Tuesday February 5 2019
Palermo takeover in chaos

Palermo defender Giuseppe Bellusci was in tears after the British takeover from Maurizio Zamparini descended into chaos. “We don’t know who we’re dealing with and have no guarantees.”

The former Leeds United player went to the Press room after a 0-0 home draw with Foggia, which saw them lose the Serie B leadership.

“We were jeered by our own fans in a moment in which we don’t know who we are dealing with and are fragile over the whole issue of the club ownership.

“We have no guarantees of any kind, we are on our own. (Director Rino) Foschi and (Coach Roberto) Stellone are trying to protect us from everyone.

“We have to wait for February 15 to see what happens, but I am not interested in my salary. What I want to know is who we are, what our prospects are.

“If there is a problem, I will go home, but I want to win the Serie B title to get back into Serie A. We must stay united and I want 40,000 fans in the stadium to reach Serie A.”

Director of sport Rino Foschi declared on transfer deadline day that he had no idea about players the club had signed without his knowledge, was reportedly fired by CEO Emanuele Facile, but then restored to his role.

Everyone is waiting for February 16, as that is the deadline for the November and December salaries to be paid.

The situation is, much like the Parma takeover that preceded bankruptcy in 2015, shrouded in mystery, confusion and conflicting reports.

Maurizio Zamparini sold Palermo to a British group, Sport Capital Investments Ltd, in December 2018.

On January 25, Zamparini was placed under house arrest when accused of false accounting and money laundering.

This is all due to the creative accounting practice that saw Zamparini create a company – Mepal – to own the Palermo brand, which was then sold to a Luxembourg company called Alyssa for €1m in 2017.

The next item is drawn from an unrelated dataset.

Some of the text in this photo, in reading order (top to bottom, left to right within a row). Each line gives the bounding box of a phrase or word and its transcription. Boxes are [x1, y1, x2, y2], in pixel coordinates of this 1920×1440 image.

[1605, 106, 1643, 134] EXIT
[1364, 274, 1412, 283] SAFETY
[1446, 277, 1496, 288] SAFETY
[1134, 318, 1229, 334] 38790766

Alyssa, it seems, was also owned by Zamparini and the accusation is that he created a €1m boost to the club coffers by using his own money to artificially inflate the value of the ‘brand’ and bypass the Italian financial fair play rules.

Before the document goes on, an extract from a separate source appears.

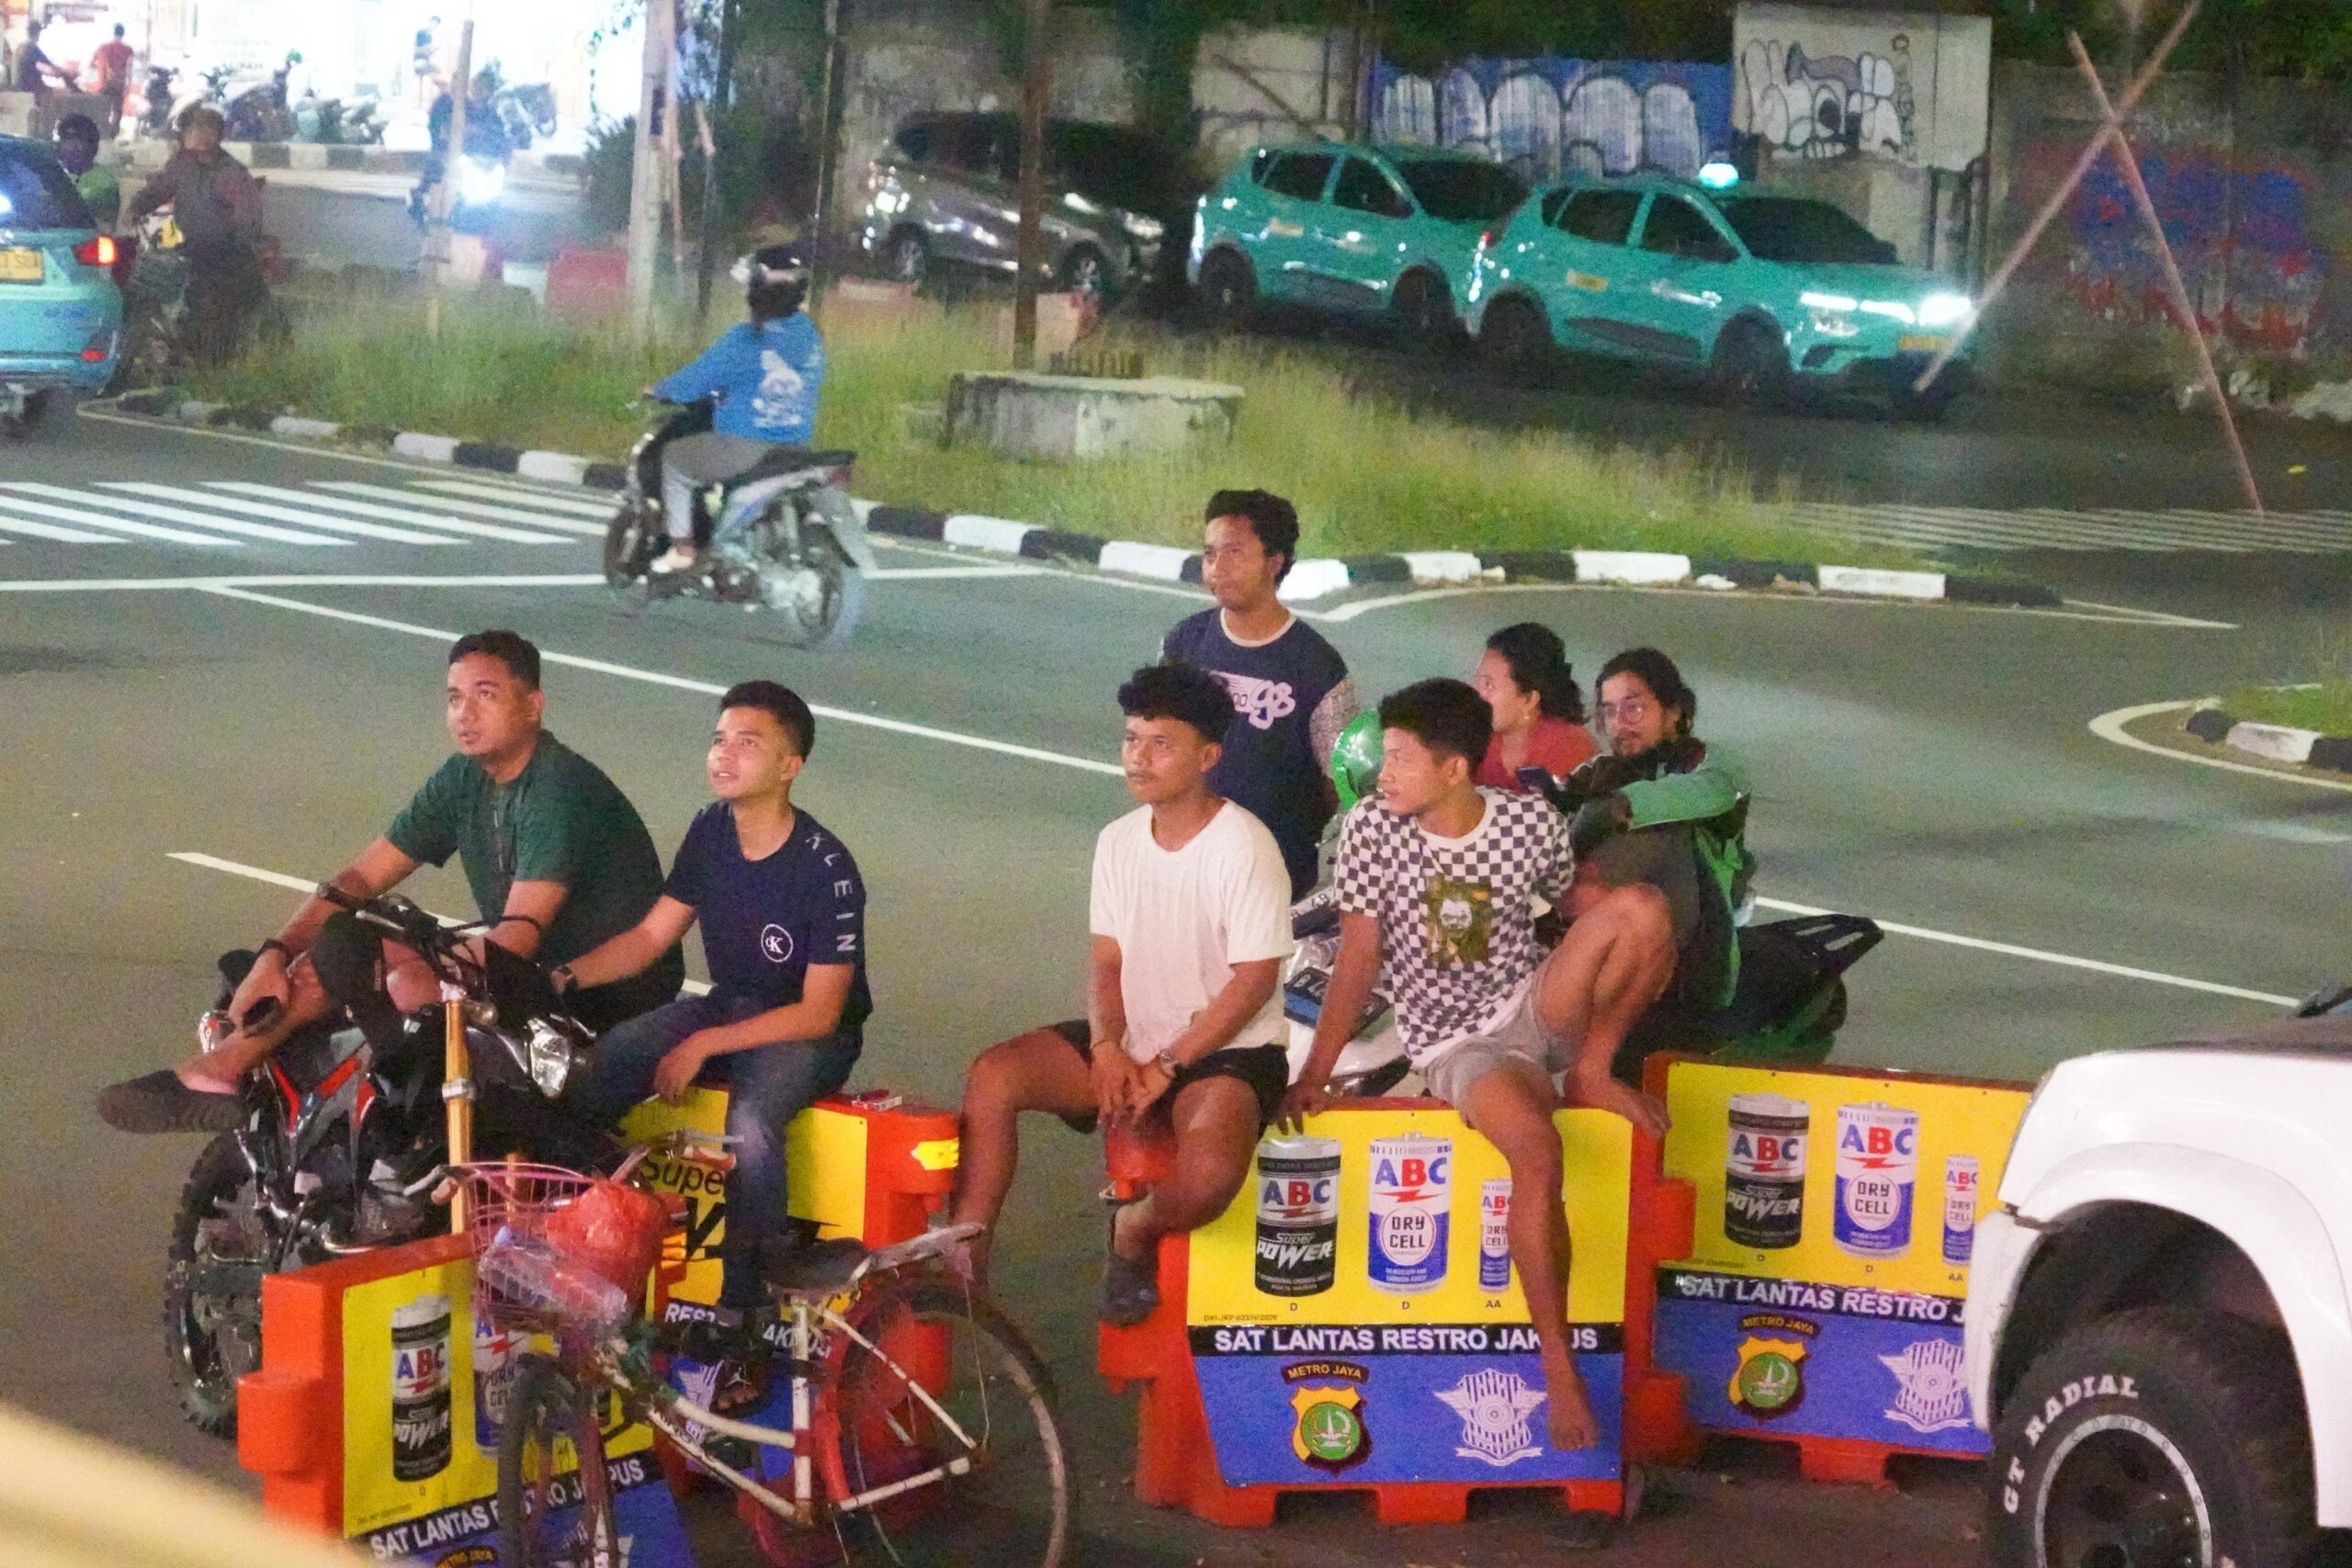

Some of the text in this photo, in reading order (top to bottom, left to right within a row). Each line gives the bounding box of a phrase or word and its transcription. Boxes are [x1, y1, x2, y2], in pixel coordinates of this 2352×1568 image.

Without that extra boost, Palermo would effectively have gone bankrupt in 2017.

The chaos does not end there, as it continues with the current owners and concerns their financial guarantees will be rejected by the Italian authorities.

Financial newspaper Il Sole 24 Ore, who so diligently covered the Yonghong Li confusion and eventual default at Milan, claimed on January 29 that the British owners might not be who they seem.

The paper pointed out that Sport Capital Group Investments have £15,000,100 capital in Palermo Football Club SpA, but that only £100 of that was ever actually deposited.

The other £15m is allegedly just a loan with not very clear terms from an investment fund set up in Malta called the Abalone Management Fund.

Palermo released a statement on the same day refuting the Sole 24 Ore report, calling them “absolutely without foundation.

“There is no mystery behind the acquisition and re-launch of Palermo Football Club. The activities of SCG are transparent and will be announced as appropriate on the Regulatory News Service of the London Stock Exchange and by its Press Relations team. 

“The ongoing operating activities are being implemented correctly by its management team and are in the best interests of the club.

“Sport Capital Group Plc fully supports its subsidiary to proceed legally against the authors of the damaging false information.”

Yet this was all before Bellusci’s outburst on February 4 about wondering if the players would get paid their wages, so the confusion clearly continues even within the team.